UH OH!!!! Tilly is so jelous...she wants her own mud hole, just like Geddy and Sawyer!


----------



## Nicole&Zack (Feb 27, 2007)

Oh my...i hate mutt holes. I leave mine on the covered porch to dry of their feet when this happens. Most of the time i just look at them and shake my head.
Awesome pictures...how did you clean that up??


----------



## Hudson (May 18, 2005)

Looks like fun for the dogs ,but lots of work for you !


----------



## ShadowsParents (Feb 27, 2007)

Looks like they had some fun!!!


----------



## Maggies mom (Jan 6, 2006)

A whole lot of fun.......


----------



## TheHooch (May 9, 2007)

Ahhhh the true dog spirit on display!!! LOL


----------



## Lego&Jacub (Jul 18, 2006)

Nicole&Zack said:


> Oh my...i hate mutt holes. I leave mine on the covered porch to dry of their feet when this happens. Most of the time i just look at them and shake my head.
> Awesome pictures...how did you clean that up??

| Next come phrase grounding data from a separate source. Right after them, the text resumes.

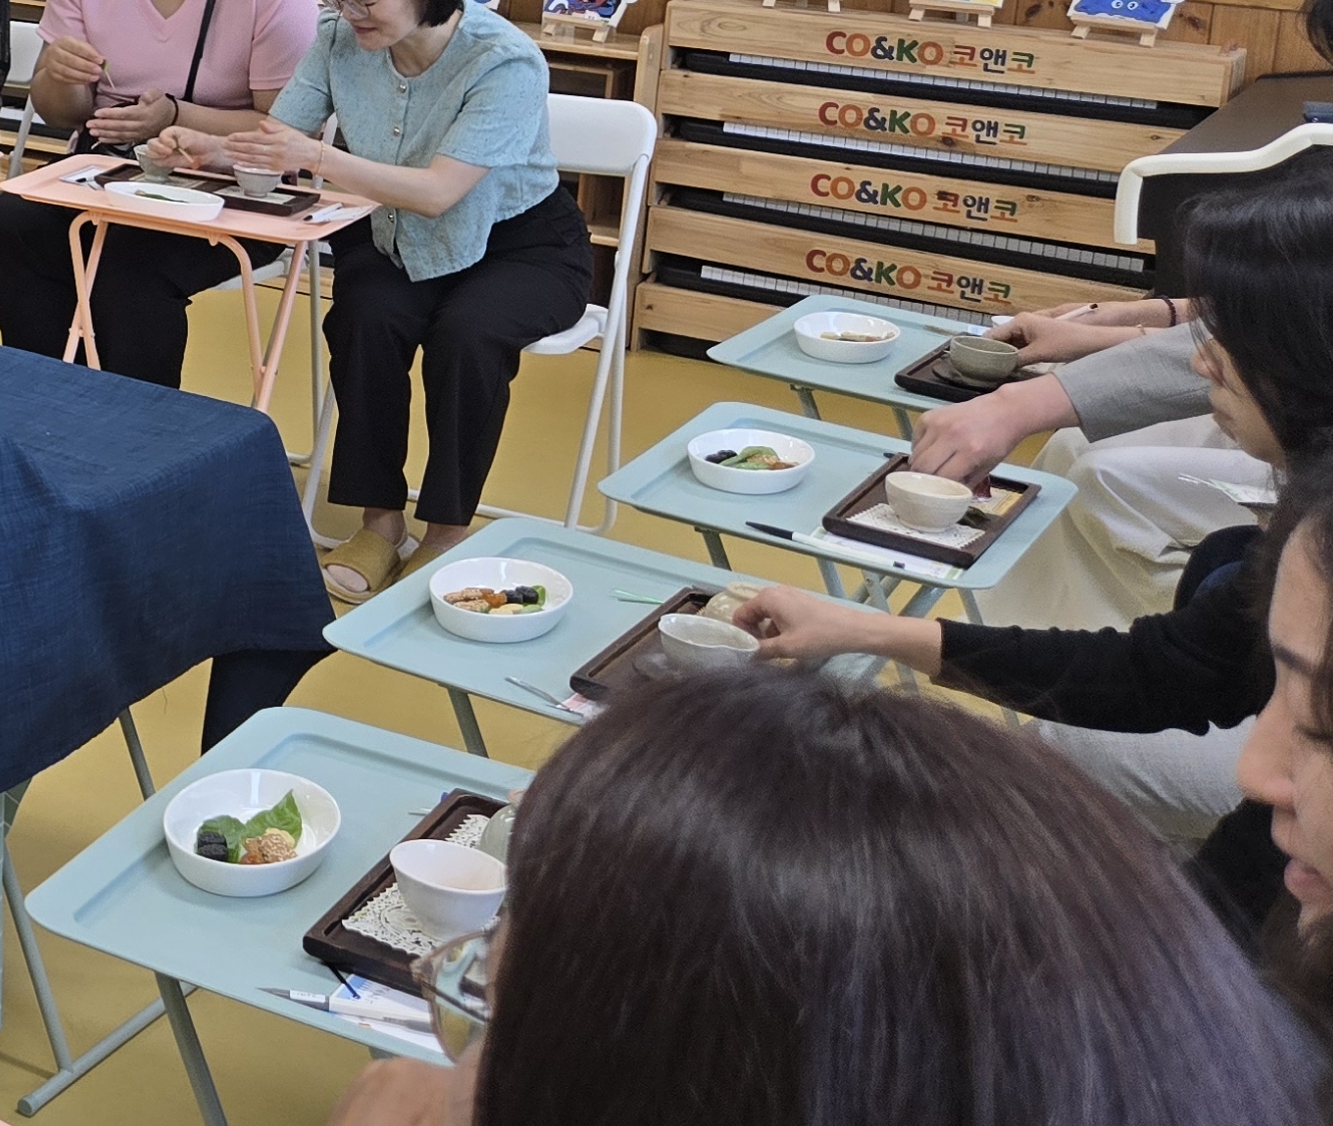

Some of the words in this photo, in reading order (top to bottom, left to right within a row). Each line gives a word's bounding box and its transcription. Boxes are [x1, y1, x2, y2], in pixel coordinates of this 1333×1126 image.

[825, 30, 944, 65] CO&KO
[949, 44, 1036, 74] 코앤코
[818, 101, 936, 136] CO&KO
[941, 115, 1028, 145] 코앤코
[810, 173, 927, 211] CO&KO
[933, 189, 1019, 223] 코앤코
[805, 249, 923, 290] CO&KO
[927, 270, 1013, 305] 코앤코

ohhh it was work!! While I was trying to take the pics the kids were running all around the back yard, happy as clams, and proud as punch of their mud hole lol!!!

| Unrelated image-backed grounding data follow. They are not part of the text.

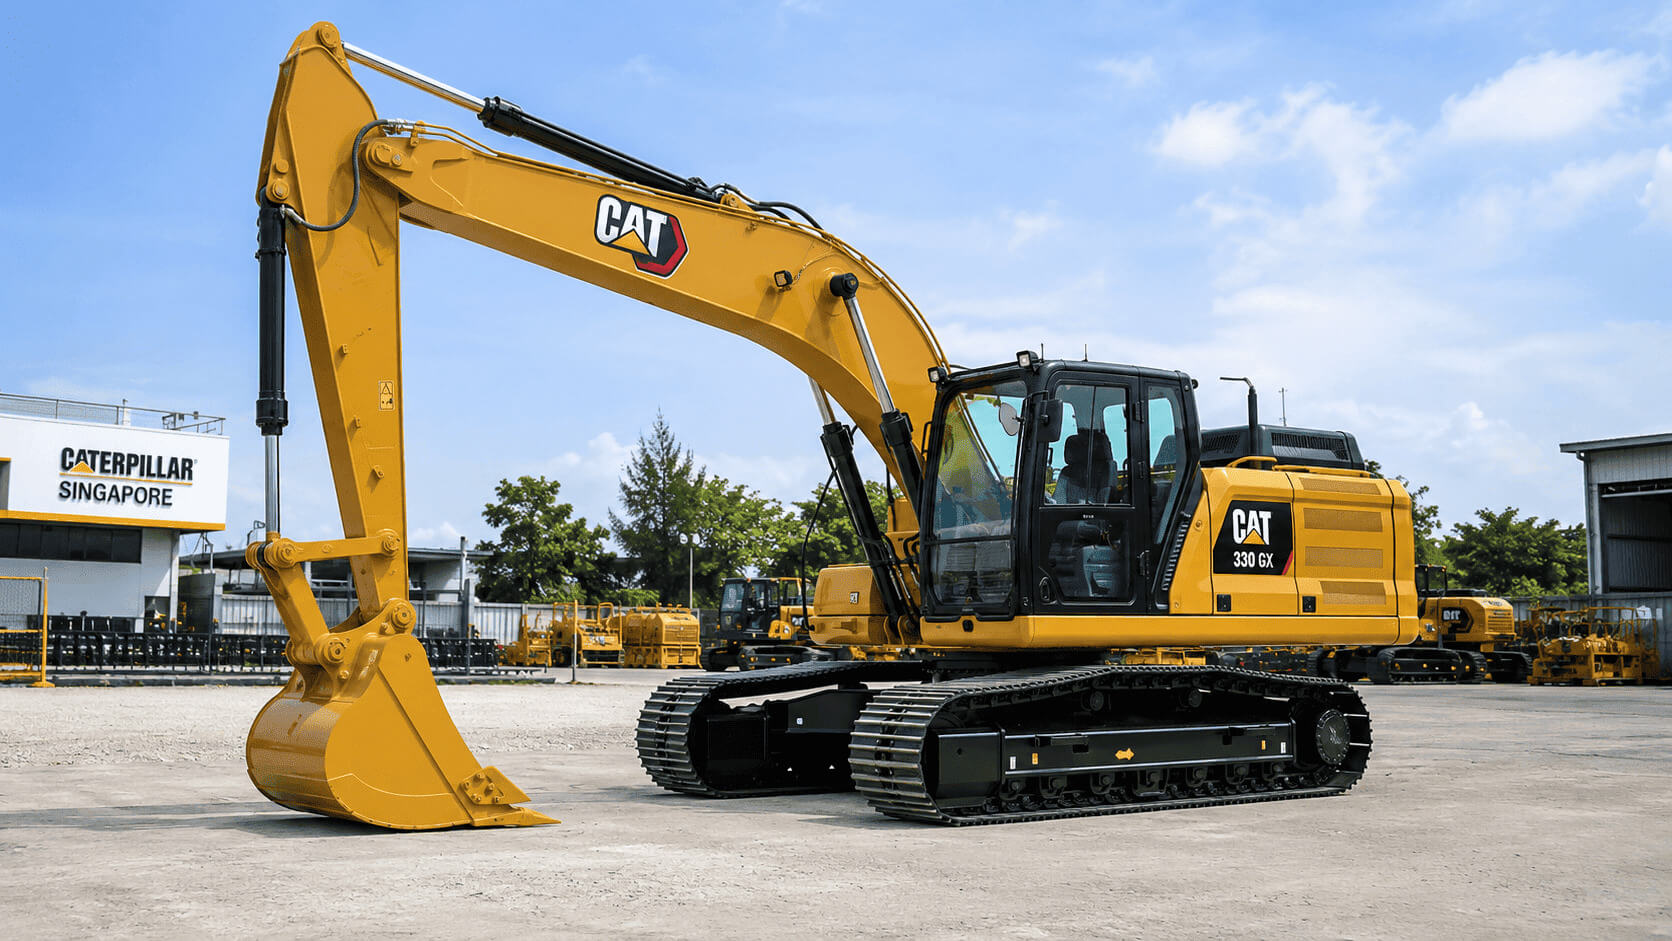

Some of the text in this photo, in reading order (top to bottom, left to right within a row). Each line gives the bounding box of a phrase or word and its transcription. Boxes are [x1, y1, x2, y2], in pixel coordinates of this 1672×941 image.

[596, 196, 668, 258] CAT
[61, 447, 193, 480] CATERPILLAR
[59, 481, 173, 506] SINGAPORE
[1232, 508, 1271, 545] CAT
[1233, 551, 1274, 568] 330 GX

It was baths all around (actually just showers without soap)


----------



## Charlie06 (Feb 10, 2007)

haha, they look so proud of themselves


----------



## paula bedard (Feb 5, 2008)

Mud, a dogs best friend


----------



## goldieluvr (Jul 16, 2007)

Oh, the joys of late winter! 
I always laugh when the pups look like that, because they have no idea why mom won't let them in the house for awhile! 
Goldens + mud = a happy dog!


----------



## Abbydabbydo (Jan 31, 2007)

Oh happy dogs! I was being so careful to wipe feet and was crabbing about mud in the kitchen this morning until I realized it was from my shoes!


----------



## Oaklys Dad (Dec 28, 2005)

Those mud packs will give them peaches and cream complextions. :


----------



## Old Gold Mum2001 (Feb 25, 2007)

Boy they sure do love their mud, lol


----------



## JensDreamboy (May 25, 2007)

Oh NO!! I'm just waiting for this to happen here. We're in the thawing process, too - I HOPE! Well, at least they had fun


----------



## fostermom (Sep 6, 2007)

It's amazing how a tiny hole can yield so much mud. I have the same issue here. The golden boys just egg each other on at my house.


----------



## Jackson'sMom (Oct 13, 2007)

They look like Mudbud from the 'Snow Buddies' movie!


----------



## Celeigh (Nov 29, 2007)

Looks like a great time was had by all!


----------



## LifeOfRiley (Nov 2, 2007)

LOL. There's nothing cuter than muddy Goldens. 
(Unless you're the one who has to bathe them, of course!)


----------



## TiffanyK (Mar 3, 2008)

LifeOfRiley said:


> LOL. There's nothing cuter than muddy Goldens.
> (Unless you're the one who has to bathe them, of course!)


Isn't that the truth! It does look like they had a blast and they ar proud of it too!

Tiffany


----------



## goldensmum (Oct 23, 2007)

If a mudbath is supposed to be good for humans - why not for dogs?


----------